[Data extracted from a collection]
<<<<

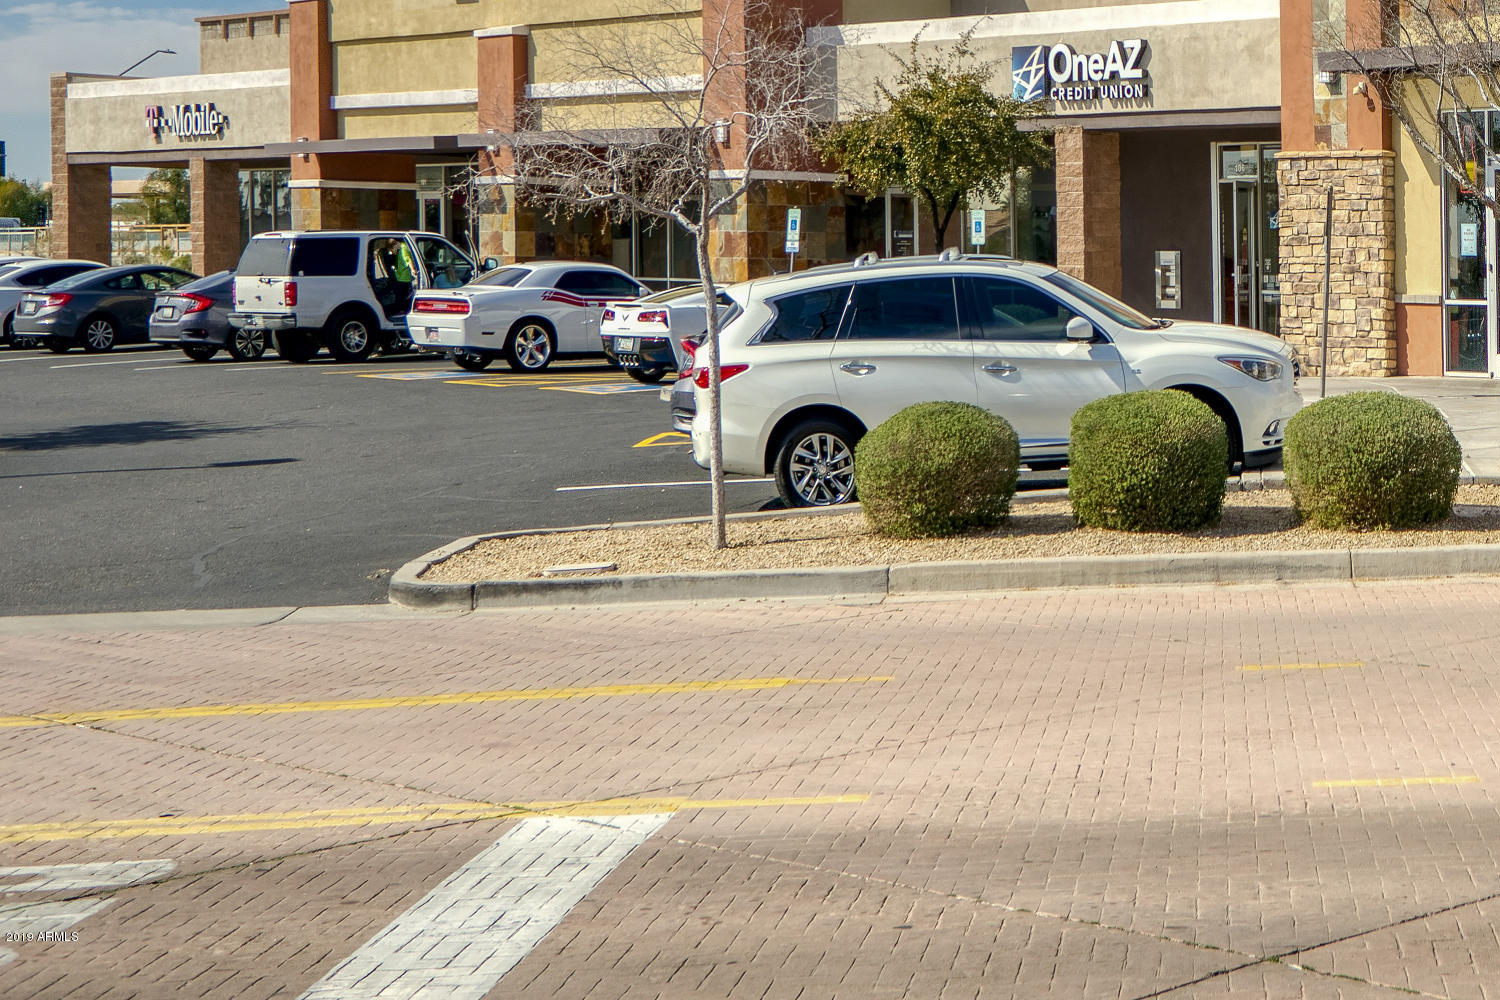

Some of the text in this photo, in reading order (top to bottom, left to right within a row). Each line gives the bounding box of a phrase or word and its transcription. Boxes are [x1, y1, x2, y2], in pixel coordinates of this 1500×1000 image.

[1048, 39, 1143, 83] OneAZ
[1050, 84, 1143, 101] CREDIT UNION
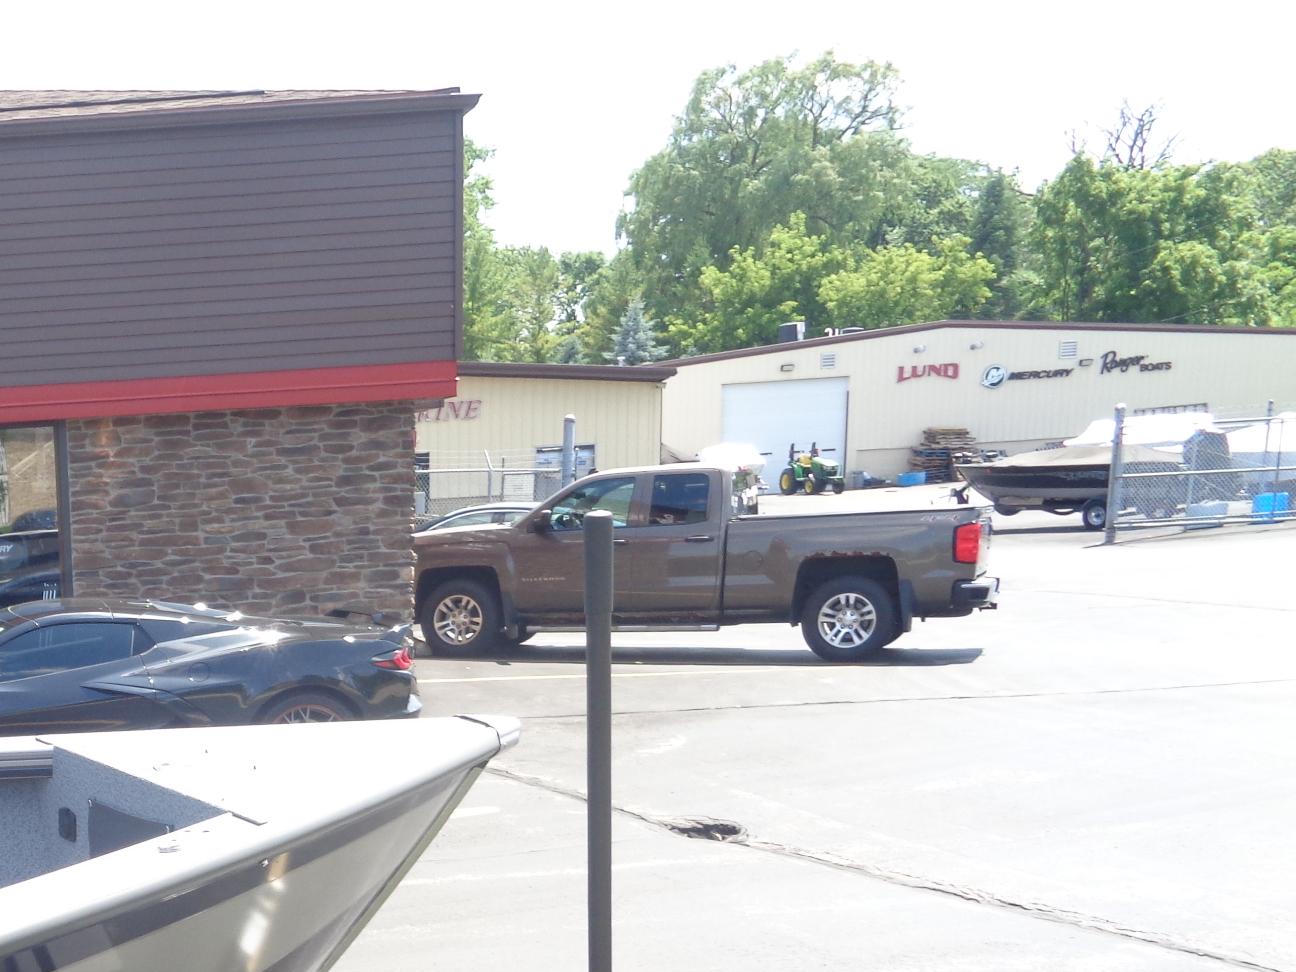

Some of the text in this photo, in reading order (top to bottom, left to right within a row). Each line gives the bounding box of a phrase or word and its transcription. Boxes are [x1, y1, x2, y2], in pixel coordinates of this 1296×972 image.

[896, 362, 960, 383] LUND
[1100, 350, 1172, 375] Ranger BOATS
[1007, 368, 1075, 381] MERCURY
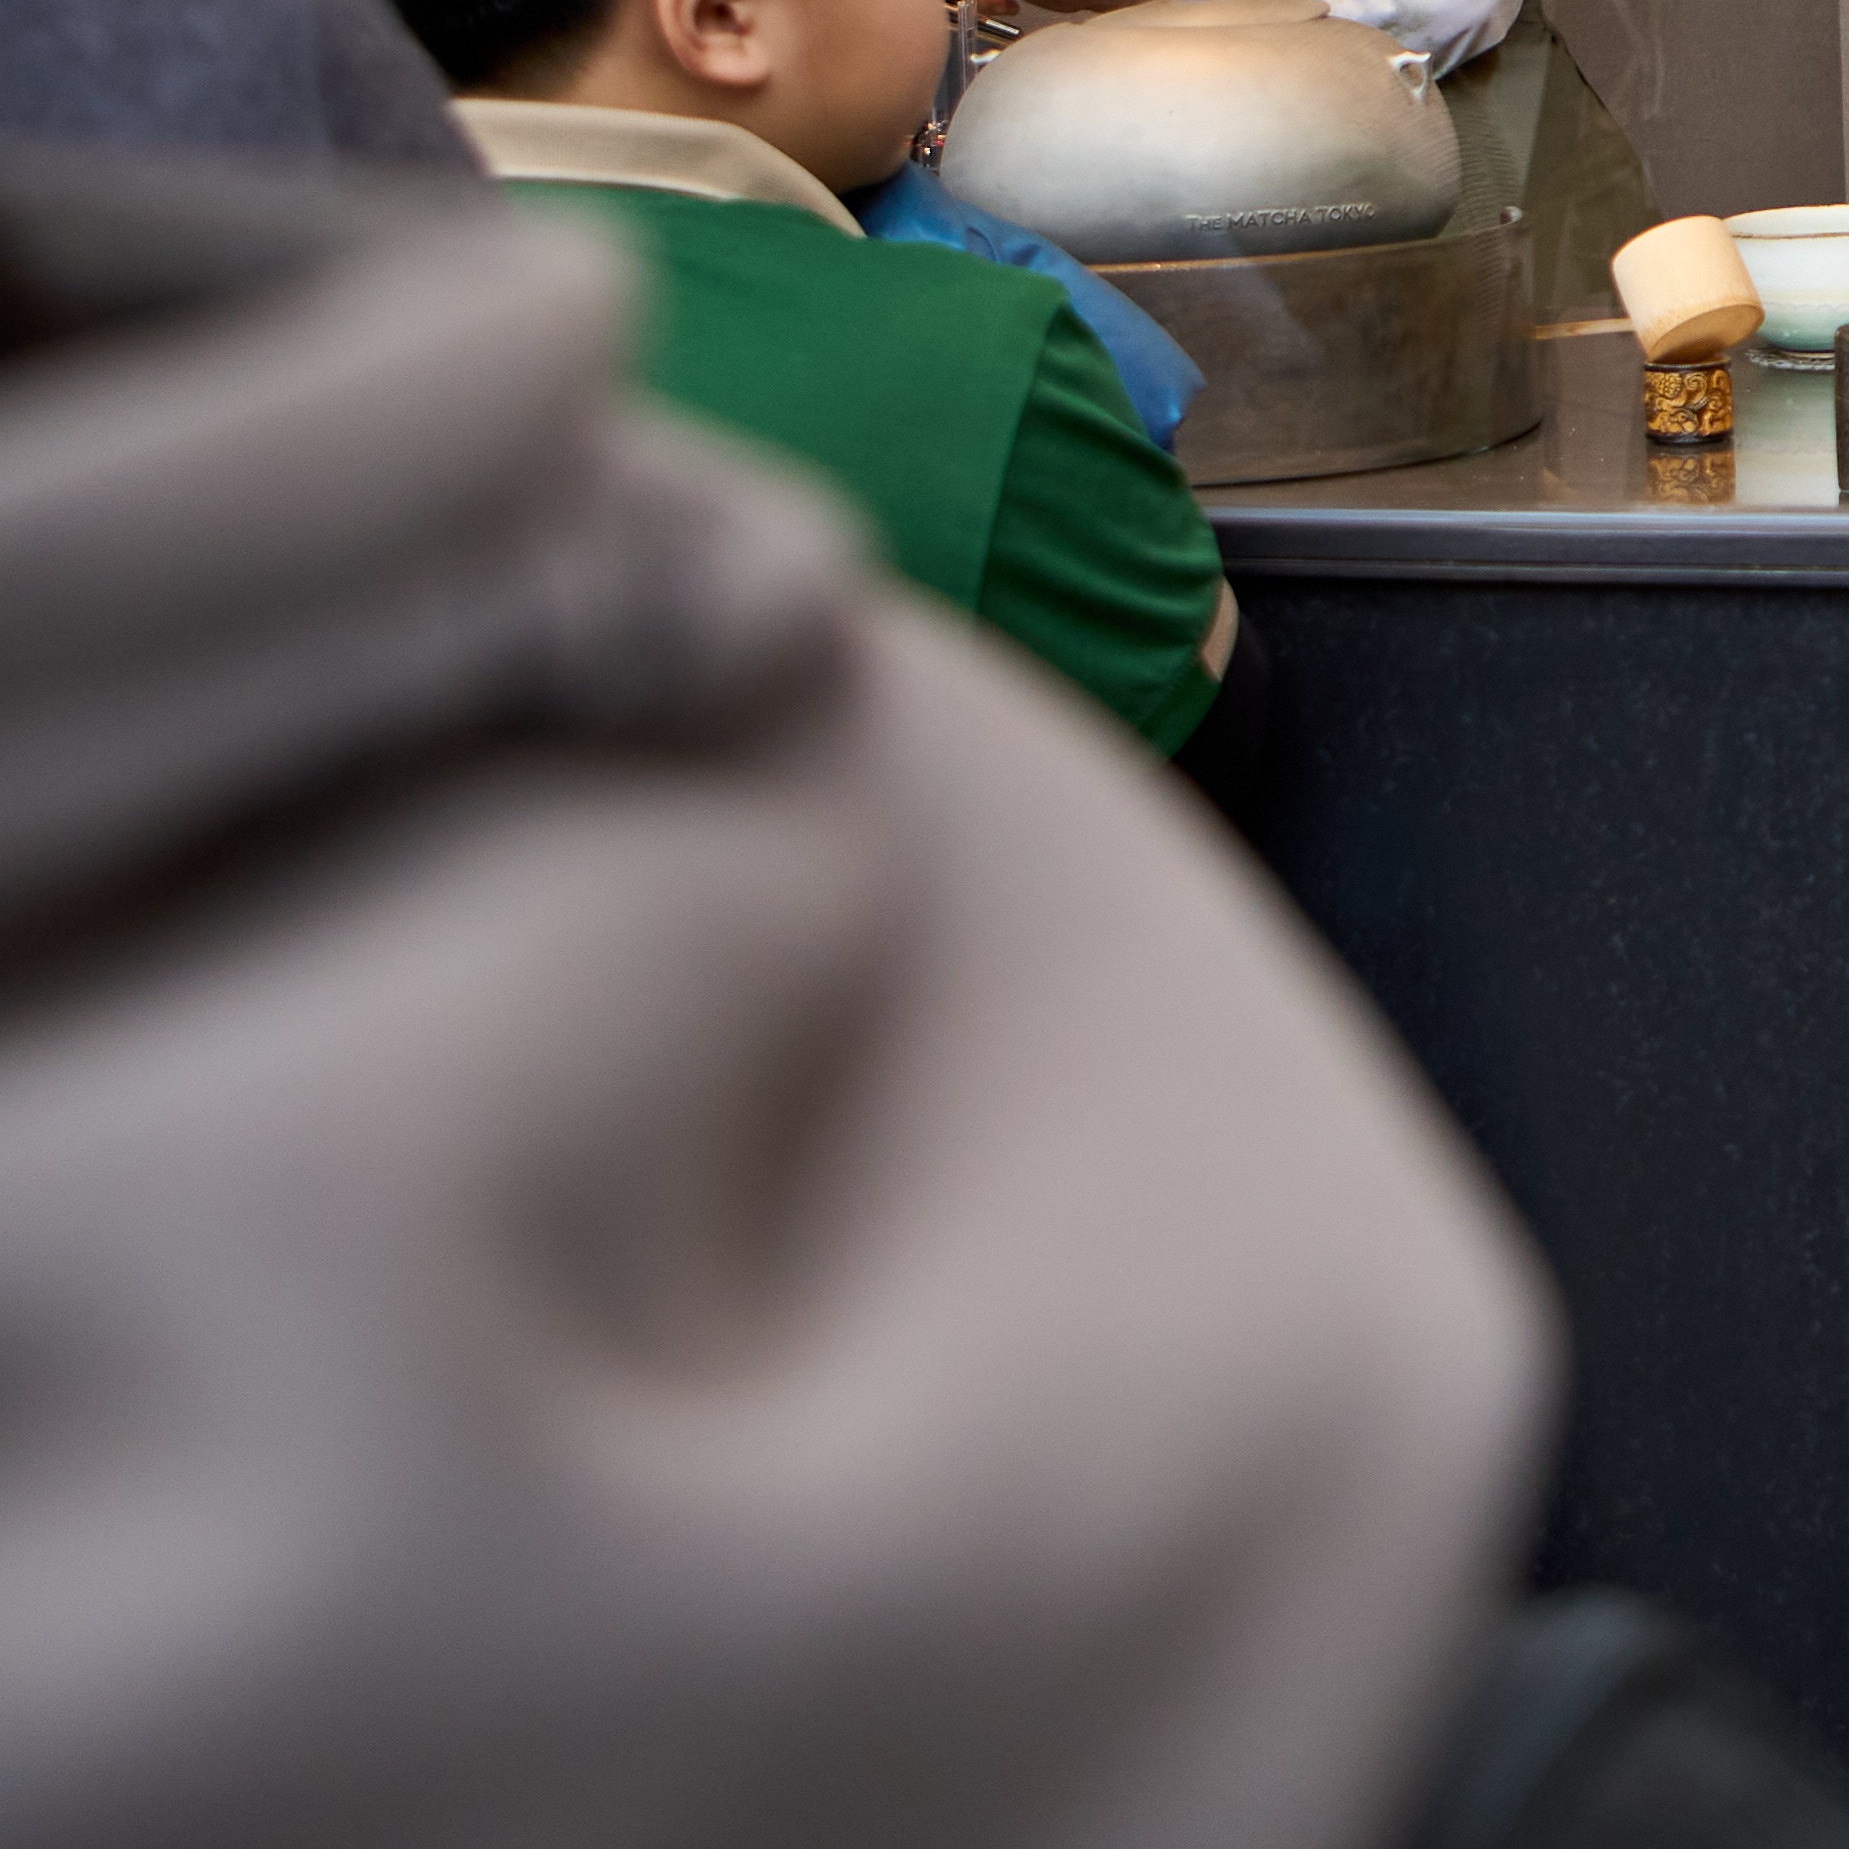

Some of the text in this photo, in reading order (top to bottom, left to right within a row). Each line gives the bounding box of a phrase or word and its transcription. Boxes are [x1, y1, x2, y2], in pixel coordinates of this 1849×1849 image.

[1185, 202, 1376, 232] THE MATCHA TOKYO

>>>>

__Prompt__: Extract word for word every line from the line that contains "this 1296×972 image." to the final line of the data, both included, and nothing else; skip the pictures.

__Solution for this problem__:
Some of the text in this photo, in reading order (top to bottom, left to right within a row). Each line gives the bounding box of a phrase or word and its transcription. Boxes are [x1, y1, x2, y2], in pixel coordinates of this 1296×972 image.

[896, 362, 960, 383] LUND
[1100, 350, 1172, 375] Ranger BOATS
[1007, 368, 1075, 381] MERCURY

Some of the text in this photo, in reading order (top to bottom, left to right within a row). Each line gives the bounding box of a phrase or word and its transcription. Boxes are [x1, y1, x2, y2], in pixel coordinates of this 1849×1849 image.

[1185, 202, 1376, 232] THE MATCHA TOKYO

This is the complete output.